From Monday a high-speed train will connect the two city centers of the French and German capitals. Still allow eight hours to make the journey.
Published on 16/12/2024 07:49
Updated on 16/12/2024 07:50
Reading time: 2min
Connecting Paris to Berlin by high-speed train in one go is possible from Monday December 16. Departure from Paris scheduled for 10 a.m. It will still take eight hours to connect the two capitals, compared to two by plane. But with the rail option, we are talking about a carbon-free trip. This is what we call “slow travel”, in good French.
A mode of transport increasingly popular with tourists, but also business customers, keen to minimize their carbon footprint when traveling. For reference, a Paris-Berlin train trip emits 2 kg of CO2 per passenger, compared to 200 kg for a plane trip.
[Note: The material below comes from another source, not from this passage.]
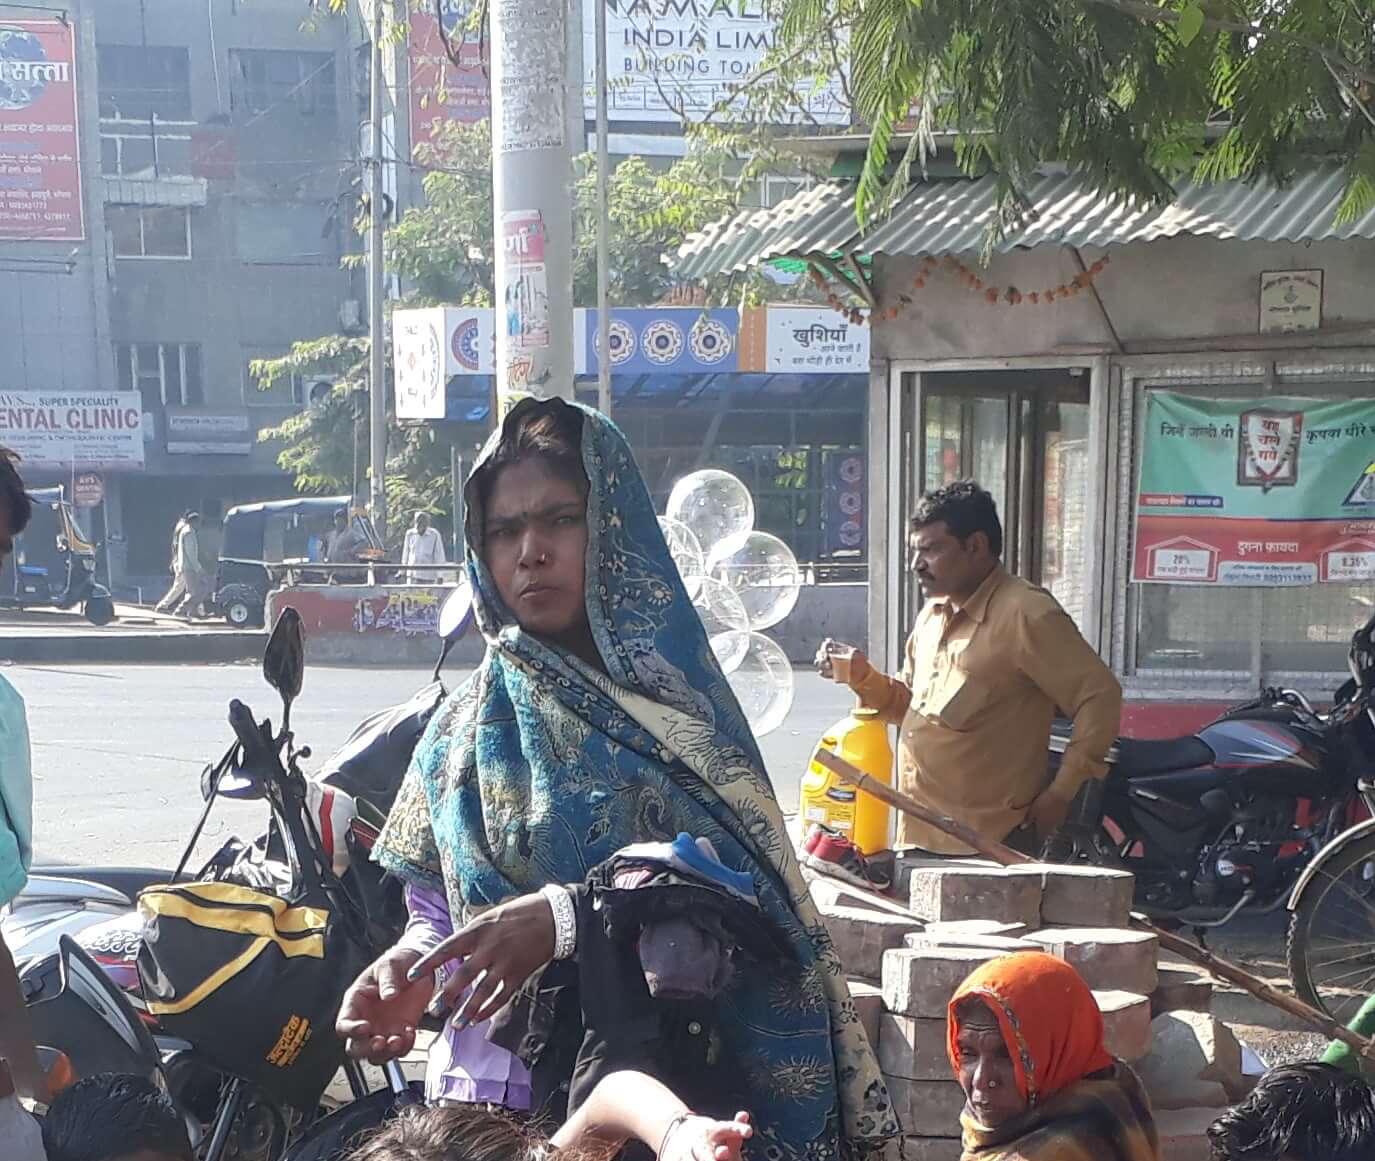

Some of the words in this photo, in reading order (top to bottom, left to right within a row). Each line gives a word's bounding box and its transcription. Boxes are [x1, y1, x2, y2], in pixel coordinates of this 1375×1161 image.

It is not the French TGVs which will run on both sides of the Rhine in both directions, but the ICEs, the German equivalent of our TGVs. ICEs operated by Deutsche Bahn. To begin with, the pace will be one train per day, in one direction or the other. A thousand kilometers at a speed of 260 km/h on the German rail network compared to 320 km/h in France. The first ICE was due to leave the Gare de l'Est in Paris on Monday with SNCF CEO Jean-Pierre Farandou on board. Expected arrival in Berlin at 6:00 p.m. In the opposite direction, an inaugural train will leave the German capital at noon to arrive in Paris around 8 p.m. The entry price is €59.99 in second class, and €69.99 in first class.
This is the first time that the two capitals Paris and Berlin will be directly connected from city center to city center. The same goes for Strasbourg, a European city with the seat of the Parliament of the 27 member states, which will thus be connected at high speed to the German federal capital. Paris and Berlin, France and Germany, which the Second World War had violently divided. We remember the railway tracks used as a weapon and tool by the French Resistance through sabotage. Today, it is the image of the two economic engines of the euro zone linked thanks to an ever more integrated rail Europe.